Here‘s a wonky link to VOXEU that discusses financial contagion. It’s pretty interesting. The article deals with contagion in the market for European Sovereign bonds but you can extrapolate the basic intuition to other assets. Here’s one surprising insight. It seems that many stocks that performed well during the financial crisis were frequently the one’s most likely to be subjected to ‘fire sales’ later on. That’s a tidbit worth remembering.
First, the fire sale discount is most pronounced for stocks which performed best during the crisis. Figure 2 illustrates this aspect by depicting the relative performance of non-exposed and exposed stocks as a function of the stocks overall return from July 2007 to July 2008. Most of the return shortfall of exposed stocks is concentrated among the stocks with the highest returns. This somewhat counterintuitive result can be explained by fund discretion about which asset positions to liquidate. Faced with funding constraints and investor redemption requests, distressed equity funds liquidated the best performing stocks rather than stocks with recent large capital losses. Thus, fire sales were more pronounced for stocks among the 10% best performing stocks. For these stocks we find average fire sale discounts above 75%.
President Obama addresses the US Chamber of Commerce today. You can watch it on CSpan.
Picking up on the themes expressed in his State of the Union Address, President Obama will reaffirm his commitment to invest in rebuilding the nation’s infrastructure during a speech at the U.S. Chamber of Commerce today.

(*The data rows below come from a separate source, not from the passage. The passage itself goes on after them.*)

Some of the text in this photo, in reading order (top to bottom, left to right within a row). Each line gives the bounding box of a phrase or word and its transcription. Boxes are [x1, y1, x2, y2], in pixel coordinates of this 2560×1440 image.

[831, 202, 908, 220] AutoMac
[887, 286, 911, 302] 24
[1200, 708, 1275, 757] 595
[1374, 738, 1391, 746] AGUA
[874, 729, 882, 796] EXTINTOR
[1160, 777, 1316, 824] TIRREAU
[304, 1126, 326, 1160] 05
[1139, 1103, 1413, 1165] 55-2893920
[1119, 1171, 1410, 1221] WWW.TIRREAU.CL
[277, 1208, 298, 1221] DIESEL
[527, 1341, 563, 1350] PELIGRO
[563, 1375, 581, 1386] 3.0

During that address before Congress, the President identified innovation, education, and infrastructure as the keys to stimulate the economy by increasing job growth and entrepreneurial opportunities.

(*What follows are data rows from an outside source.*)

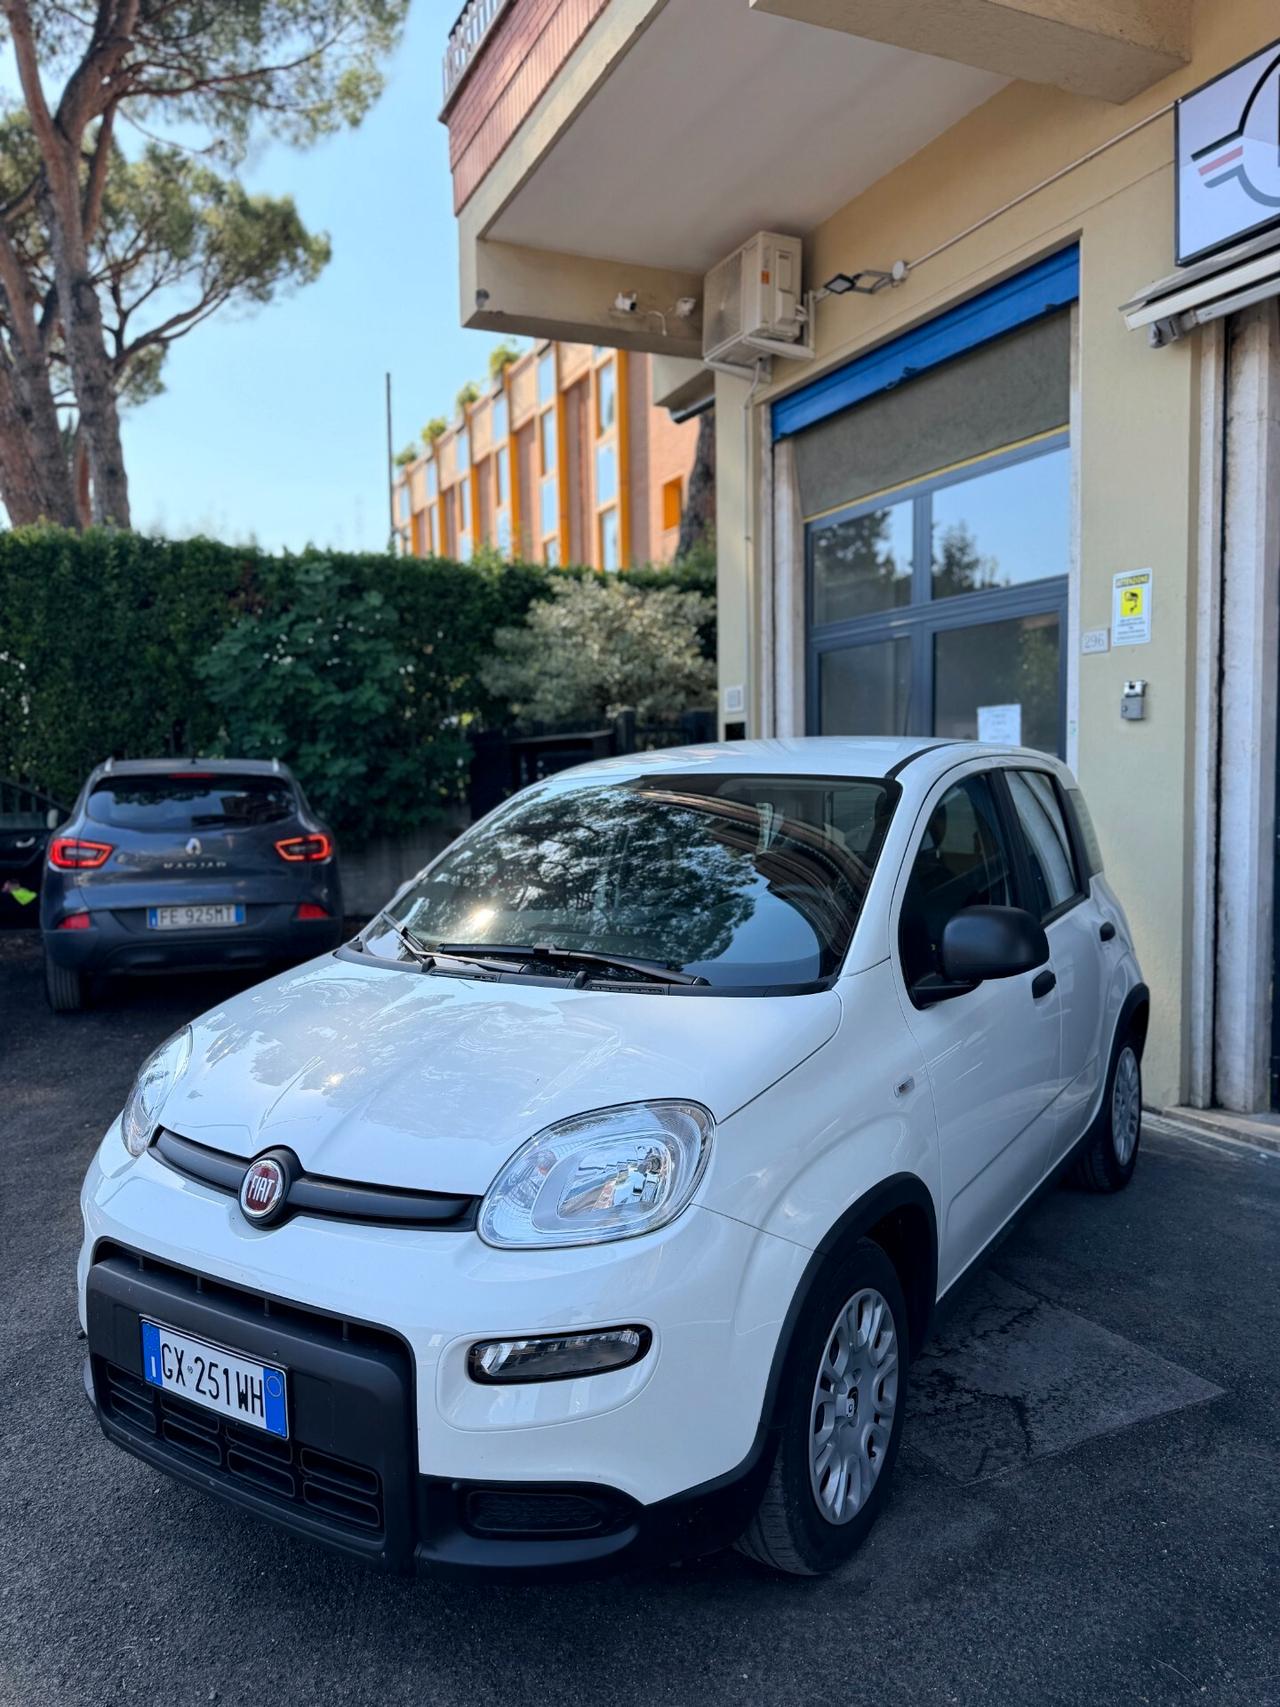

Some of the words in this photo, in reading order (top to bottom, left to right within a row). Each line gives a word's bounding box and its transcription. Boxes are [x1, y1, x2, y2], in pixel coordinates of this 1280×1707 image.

[1084, 632, 1105, 649] 296
[160, 908, 179, 924] FE
[185, 906, 233, 924] 925MT
[248, 1175, 275, 1203] FIAT
[161, 1343, 186, 1387] GX

Here’s a post for our BostonBoomer from Psychology today. Okay, it’s also for me. It’s called Buddhism and Neuroscience: Neuroscience finds a friend in Buddhism. Here’s an interesting scientific view of a practice we Buddhists do to realize that there is no “soul”.
When a Buddhist applies the idea of constant change to the self and the soul, he gains an insight that other religions lack. What we call a mind (or a self, or a soul) is actually something that changes so much and is so uncertain, that our terms for it do not find meaning. The Buddhist word for self is anatta and it means ‘no self.’ It is used to refer to oneself, while cleverly reminding the user of the word that there is such thing.
Within this framework, one is immediately struck by the disconnect between perception and religious teaching. All is endlessly changing, but I feel unified and unchanged from moment to moment, year to year. The way things feel becomes suspect, just as it does in modern neuroscience. Broadly, both Buddhism and neuroscience converge on similar points of view: the way it feels to be you isn’t how it is, that even our language about ourselves is to be distrusted (witness the tortured negation of anatta), and there is no permanent, constant soul in the background.
Despite saying there is no self, Buddhism does posit an immaterial thing that survives the brain’s death. Through life there is a consciousness, always changing like the world, one mental state rising like a wave to crash on the beach, then another and another. After a person’s death, the consciousness re-incarnates. This isn’t much of a trick, since even during a Buddhist life, each moment can be considered a re-incarnation from the moment before. The waves still lap, the beach shifted. If you’re good, they might lap at a higher organism. If you’re not, well, insects clearly have consciousness and someone’s waves need to supply it.
So how does Buddhism do? Pretty well. Buddhism lays out the concept that there is no mind the way we tend to consider them (as we consider our self). In broad strokes, neuroscience and neurology agree.
Kinda cool hmm?
So, what’s on you reading and blogging list today?